I have to point out that Max Read, the author of this post, clearly doesn’t read enough Internet poetry. The imagery evoked here (I didn’t read the whole thing, but there is an excerpt on the Gawker post), is fascinating.

I was going to write this whole post about writing fictional horror in a world that experience real tragedies on a daily basis, and there’s so much to say on the topic. A friend linked this today and I find it’s a good opportunity to discuss at least one piece of this, which is quality.

This is not the worst poem out there; go to any site that caters to tween LGTBQs and you’ll find a million cookie-cutter posts about identity crises, that kind of thing. But Palmer is clearly capable of doing better, as far as her lyrics go.

I think art is the single opportunity we have to explore the dark underpinnings of human nature. I would rather have an open forum where people can come out and say ‘yes I have wished this person/this group of people were dead’ than have some loner build it up like a pressure cooker and just let it all out in an incredibly harmful, awful way. So I’m not opposed to the notion of writing something like this, if only because I am wondering what the eff was going on in their heads to do this kind of thing…you’ve got to understand it to stop it. (I privately suspect anarchism.)

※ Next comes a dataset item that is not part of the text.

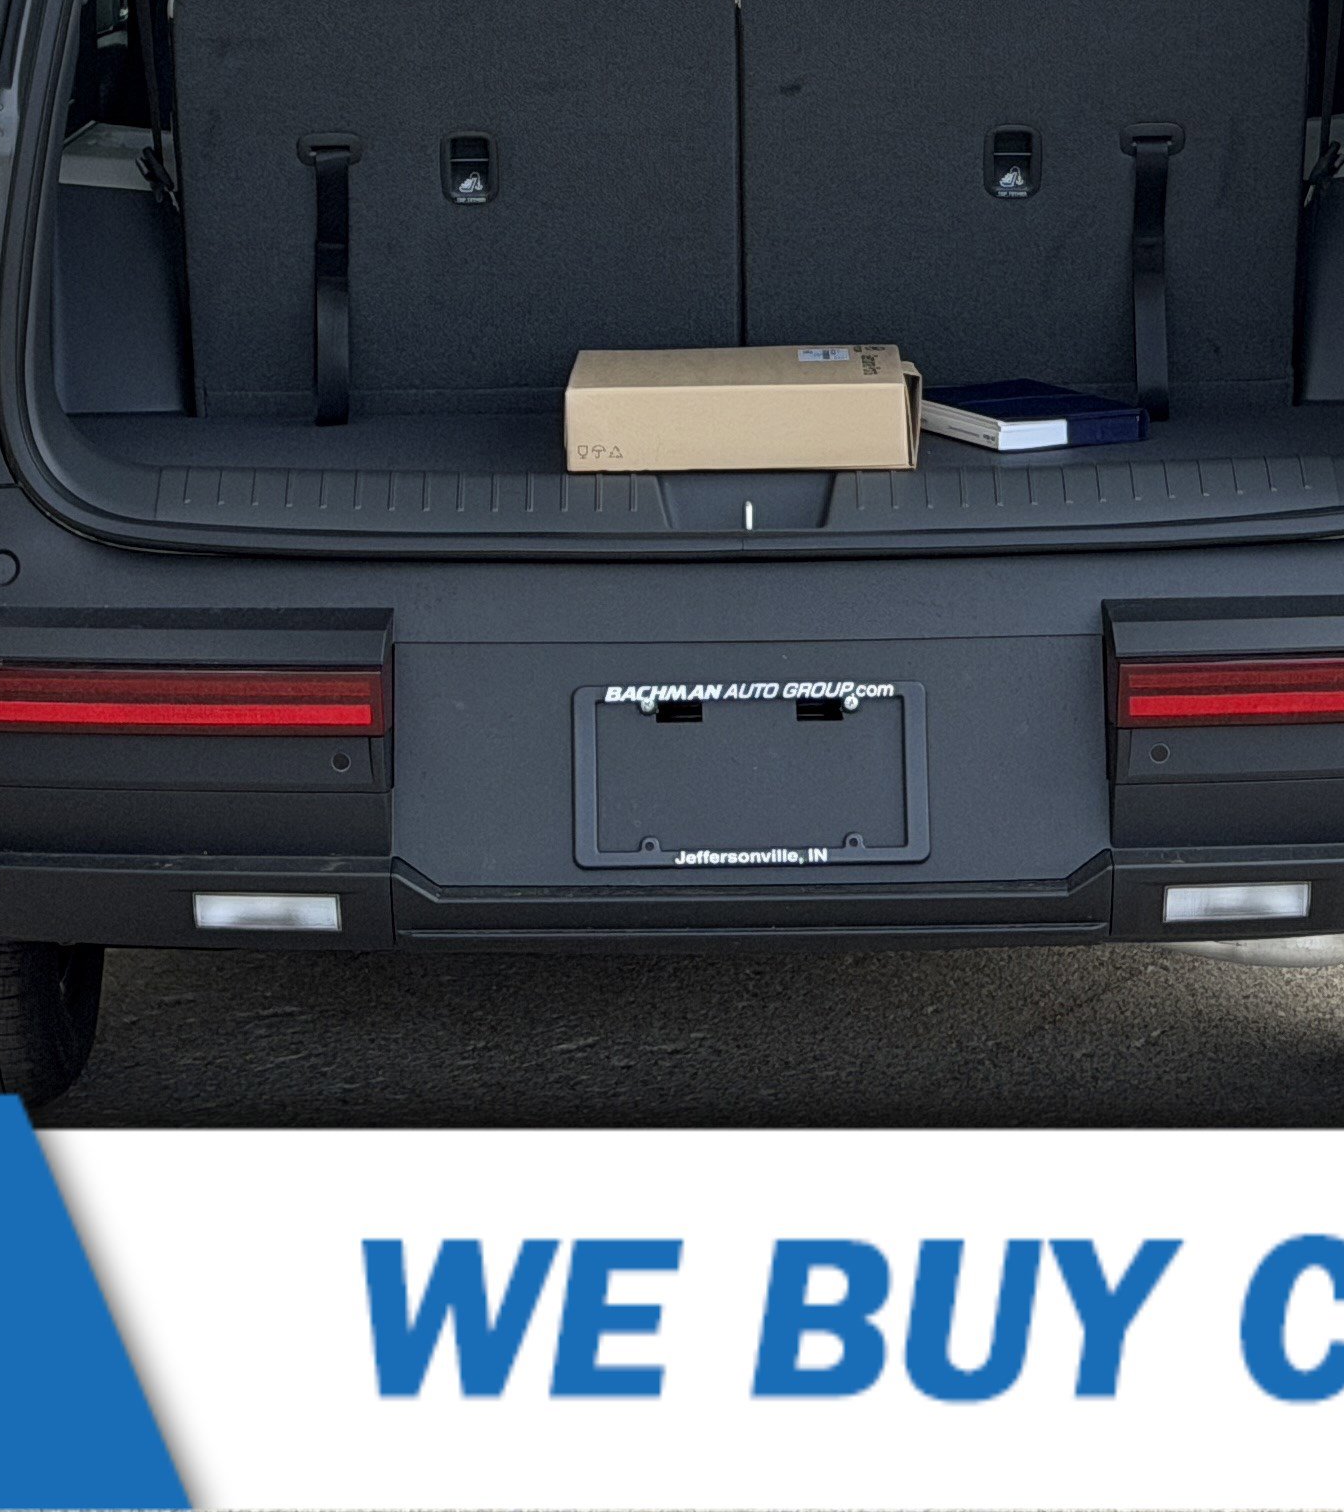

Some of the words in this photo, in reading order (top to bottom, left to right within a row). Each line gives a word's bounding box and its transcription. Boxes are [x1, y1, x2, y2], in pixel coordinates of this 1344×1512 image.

Anyway, what I do take issue with as far as Palmer goes is the fact that she comes off as a total opportunist. For one, the Kickstarter mess ($1 million and you’re not paying performers? Really?) looks bad. Two, since we know she could do better, why didn’t she? What is with the timing on this?

A dark, discordant song from the perspective of a terrorist/serial whatever (it doesn’t have to be this kid; also, I hear ‘terrorism’ is specifically associated with a political agenda) could be genuinely interesting. I picture something with minor harmonies and then, right as you get used to it, something that slaps you in the face because, as far as society goes, this is taboo and the inability to be complacent about trying to understand the motivation to kill innocents (a higher cause, really, what next, Übermensch?) merits as much discussion as the attempt to understand the philosophy of a killer itself.

So anyway, I think that it is important to keep art free of taboos. But I also think it is important to approach the subject with your brain in third gear. If you’re going to tackle something heavy, you should have the literary/visual/whatever chops to back it up.